Mother
Cette fois-ci, on peut se demander tout de même si ça ne va pas faire un peu too much. Tout faux. Le film une succession de réussites.
Et la première, c’est cette impeccable maîtrise du mystère. En délivrant les clés avec parcimonie mais acuité, les liens se nouent sans effort tout en préservant les effets de surprise à mesure que la solution se dévoile.
Ensuite, la virtuosité de la réalisation nous offre de cinglants coups de fouet dans un rythme relativement posé. Ainsi quelques excès de violence très courts (entre autres un accident de voiture, un coup de pied dans la gueule attendu mais marquant, …) augmente le pouls de l’histoire qui traverse une introduction et une splendide scène finale liées par la danse d’abord saugrenue puis enfin bouleversante de la mère (Kim Ye-Ja).
C’est d’ailleurs la courageuse juxtaposition d’un humour quasi burlesque (voire grotesque) dans de situations parfois complètement dramatiques qui met le spectateur dans la position de l’entourage de cette mère aimant son fils un peu con (Won Bin) à la folie : la gêne. On rit dans de moments qui se doivent d’être émouvants et Bong Joon-ho ne recule devant rien pour planter le décor (veillée funèbre, visite au parloir, scène de sexe). Le glissement vers l’émotion se fait pourtant en douceur, habitués que nous sommes à la quête de la mère et aux idioties de son fils. Les gags ont disparus quand, soudain, l’amour filial arrive à son apogée : protéger sa famille d’abord quoiqu’il en coûte.
Kim Ye-Ja
Si le film débute par un délit de fuite de riches golfeurs après qu’ils aient bousculé en Mercedes le pauvre fils demeuré, il ne prend pas l’apparence de la fable sociale comme dans The Host. C’est le rapport à la sexualité qui fait ici tout le sel de ce film.

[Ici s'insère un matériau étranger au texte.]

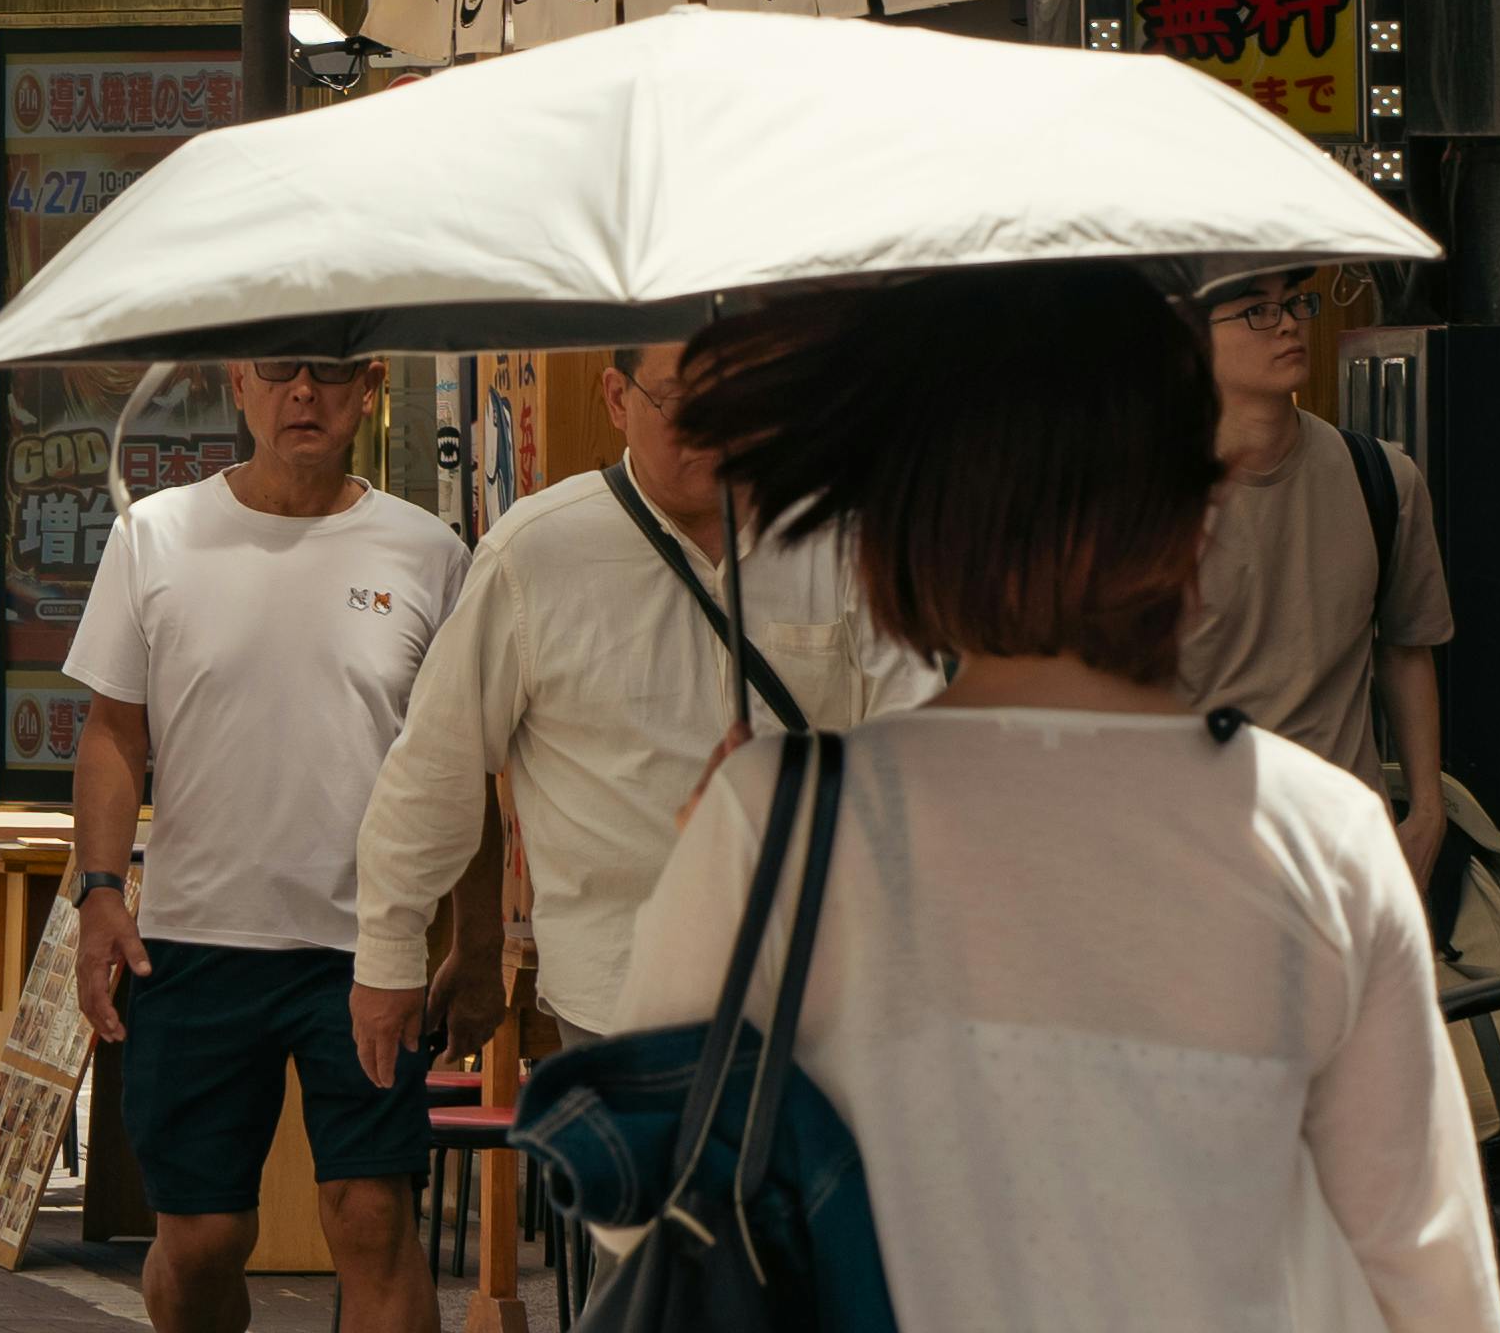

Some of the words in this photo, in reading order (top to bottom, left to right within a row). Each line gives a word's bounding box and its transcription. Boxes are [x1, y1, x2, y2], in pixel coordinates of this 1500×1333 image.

[18, 88, 39, 110] PIA
[49, 71, 244, 131] 導入機種のご案
[1222, 75, 1337, 115] まで
[9, 170, 88, 214] 4/27
[12, 431, 109, 483] GOD
[17, 712, 39, 735] PIA

D’abord la figure du mâle est la figure du mal. Le père est clairement inexistant. Si l’on connaît l’affection qu’a le réalisateur pour ces irrémédiables idiots, le personnage du fils malgré un geste final salvateur est un modèle d’incompétence intellectuelle et de fainéantise. Les autres figures masculines sont des profiteurs, des fainéants (encore) alcooliques, vénaux, couards, violents et obsédés sexuels.
Ensuite la frustration sexuelle est omniprésente. Il y a celle du fils bien sûr qui ne cesse, la nuit du meurtre, de chercher une fille avec qui coucher. Mais également celle de la mère qui dort avec son fils et regarde sa bite. Au cours d’une conversation avec une lycéenne, elle fait amèrement remarquer qu’elle est ménopausée. Surtout sa relation est très particulière avec le seul ami du fils idiot, Jin Tae (Jin Ku). Ce personnage, jeune, beau et un peu voyou est un horrible profiteur sans foi ni loi mais qui contre un peu d’argent se fera le bras armé de la mère.

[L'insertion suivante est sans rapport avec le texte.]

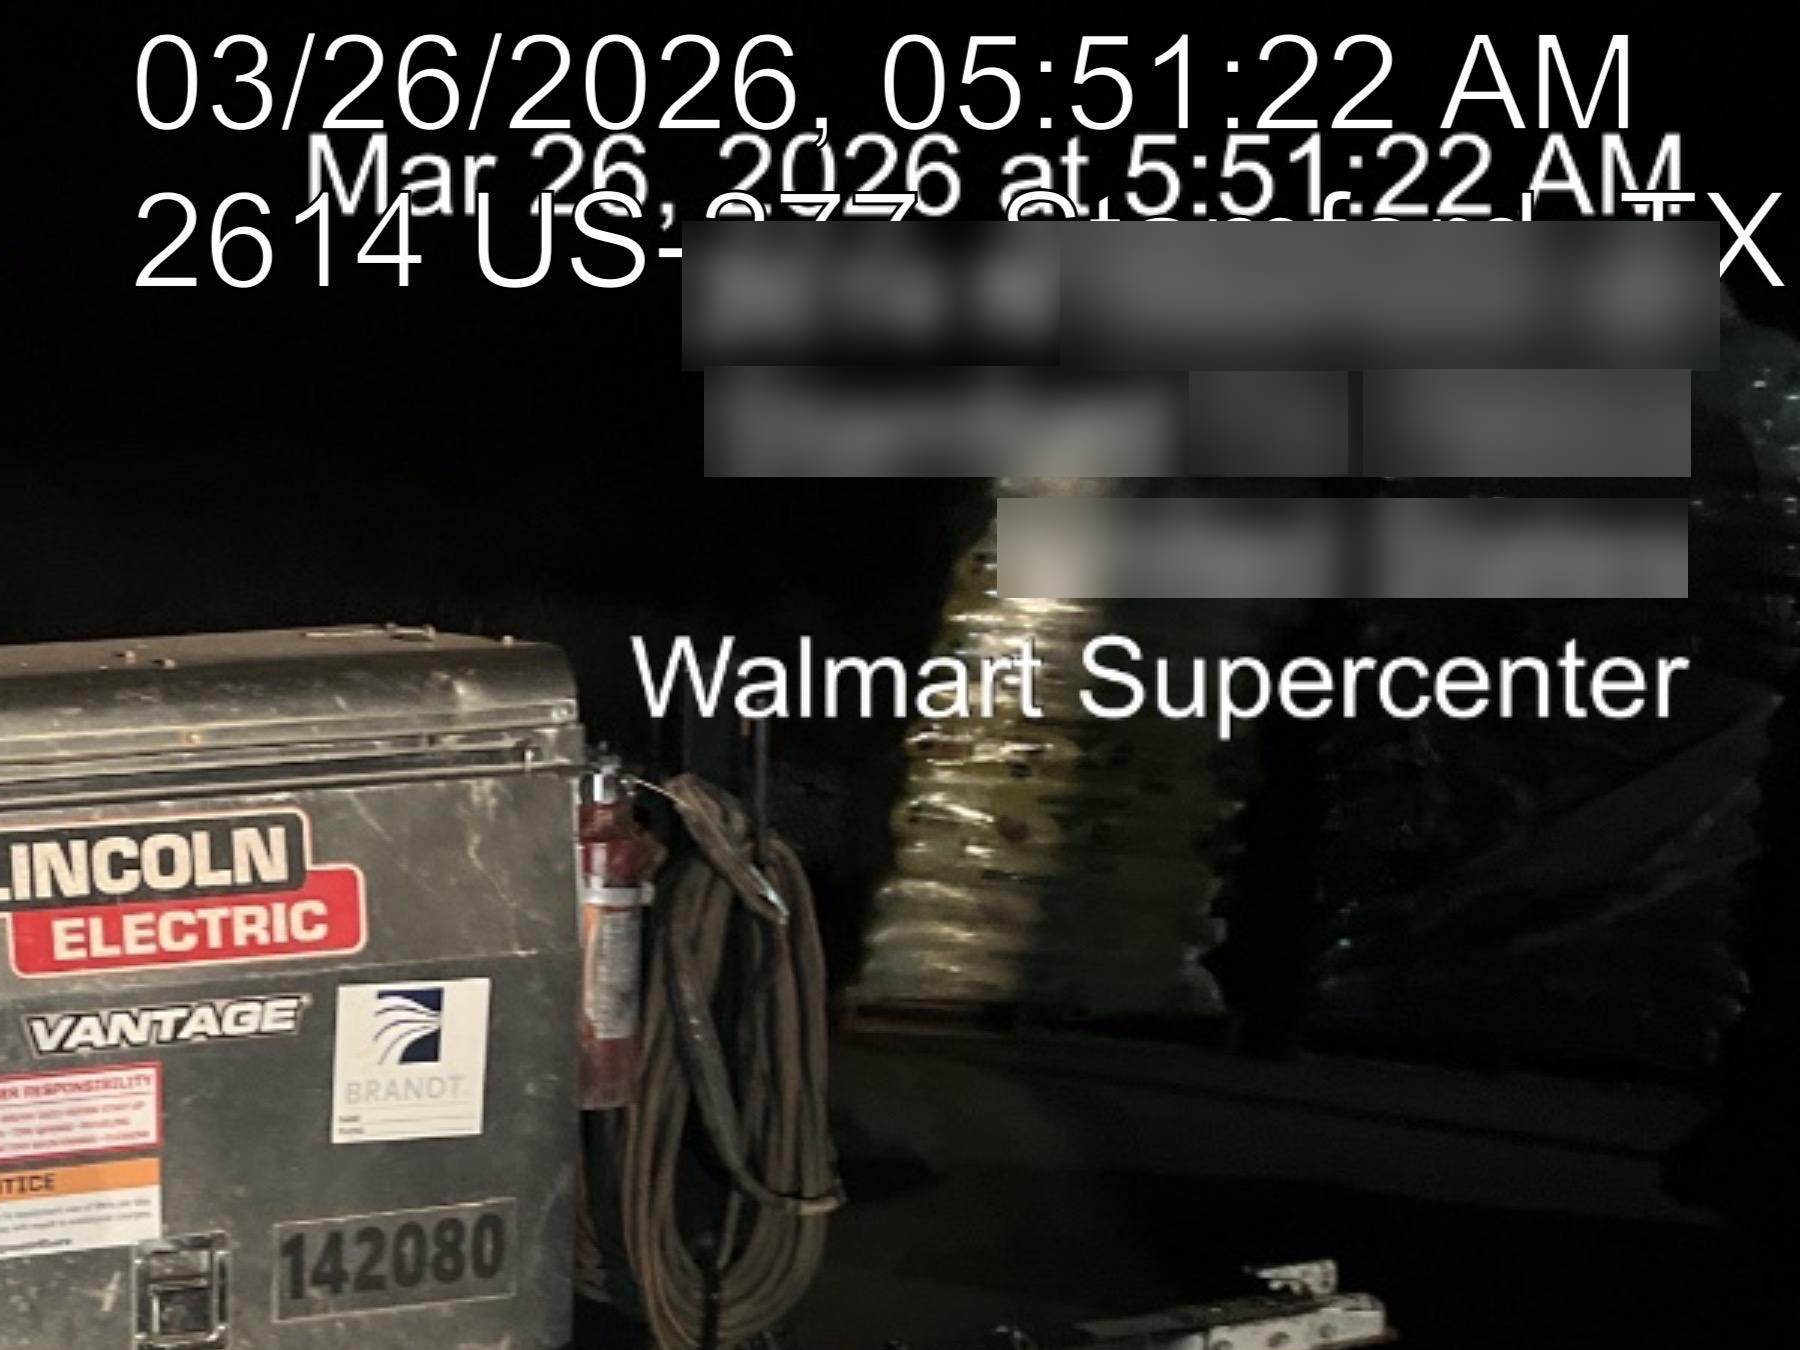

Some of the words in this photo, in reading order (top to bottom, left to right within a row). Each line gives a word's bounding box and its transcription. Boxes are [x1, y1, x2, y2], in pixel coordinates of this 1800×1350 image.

[50, 898, 330, 962] ELECTRIC
[27, 997, 300, 1054] VANTAGE
[344, 1074, 465, 1106] BRANDT
[279, 1212, 505, 1301] 142080
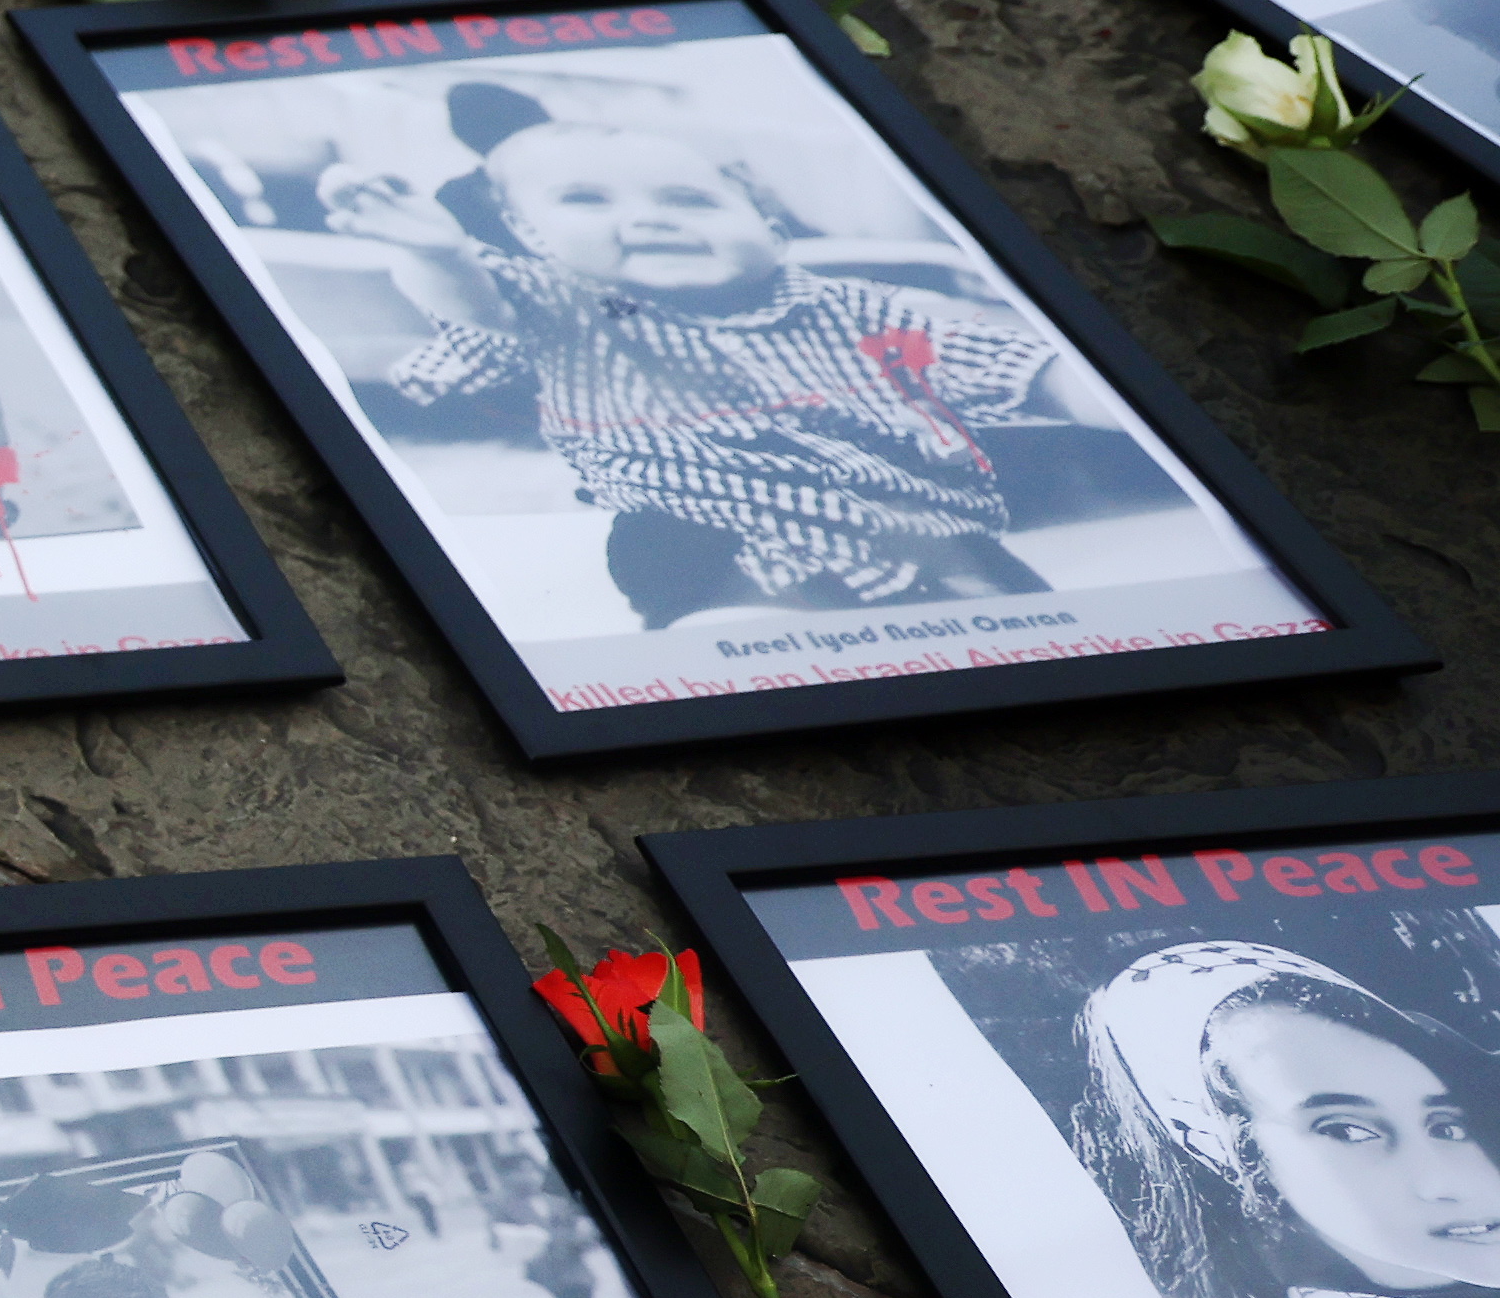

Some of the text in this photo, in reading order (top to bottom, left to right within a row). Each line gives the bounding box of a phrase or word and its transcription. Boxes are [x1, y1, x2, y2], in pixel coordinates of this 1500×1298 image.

[167, 10, 674, 74] Rest IN Peace
[805, 626, 879, 653] Iyad
[883, 619, 968, 641] Nabil
[971, 612, 1078, 632] Omran
[547, 619, 1337, 711] killed by an Israeli Airstrike in Gaza
[835, 847, 1477, 929] Rest IN Peace
[24, 942, 315, 1005] Peace

Cette dernière regarde Jin Tae faire l’amour avec sa copine alors qu’elle se trouve cachée dans le placard, semble troublée par son torse nu lorsqu’il fait irruption chez elle un peu plus tard. Il incarne une virilité évidente et représente la seule figure érotique masculine du film.
La frustration sexuelle s’exprime également chez les autres personnages, on découvre la victime nymphomane désabusée, sa copine moche donc seule, de jeunes collégiens, lycéens qui sont de sémillants obsédés sexuels, l’avocat qui reçoit la mère dans un bordel-karaoké pour lui faire part de sa stratégie de défense…
Cette relation malheureuse avec l’acte sexuel s’oppose à l’amour passionnel que voue la mère à son fils idiot qu’elle couve à l’extrême. A l’écran cela se traduit également par l’utilisation répétée de scènes de pluie et de scènes de feu notamment dans les derniers segments de l’histoire. C’est d’abord le mauvais temps qui domine et la mère n’est qu’une petite flamme (elle se sert de son briquet à plusieurs reprises) avant d’être un grand feu et un soleil aveuglant.
Ainsi Bong Joon-ho pousse la figure de la mère et son caractère protecteur dans ces retranchements, dans la folie amoureuse. L’actrice principale est d’ailleurs, de ce que j’ai pu lire, une vedette dans son pays et est connue pour ses rôles de mère courage et bienveillante. Le réalisateur joue à n’en pas douter de cette image pour donner un goût acide aux actions maladroites et désespérées de son héroïne. De plus, les protagonistes sans maman (la jeune fille assassinée et JP le fou) sont des victimes. Alors, lorsque tout est fini, elle délaisse enfin son fils et son sentiment de culpabilité[1] pour prendre un peu de vacances. Pour oublier un instant qu’elle est une mère.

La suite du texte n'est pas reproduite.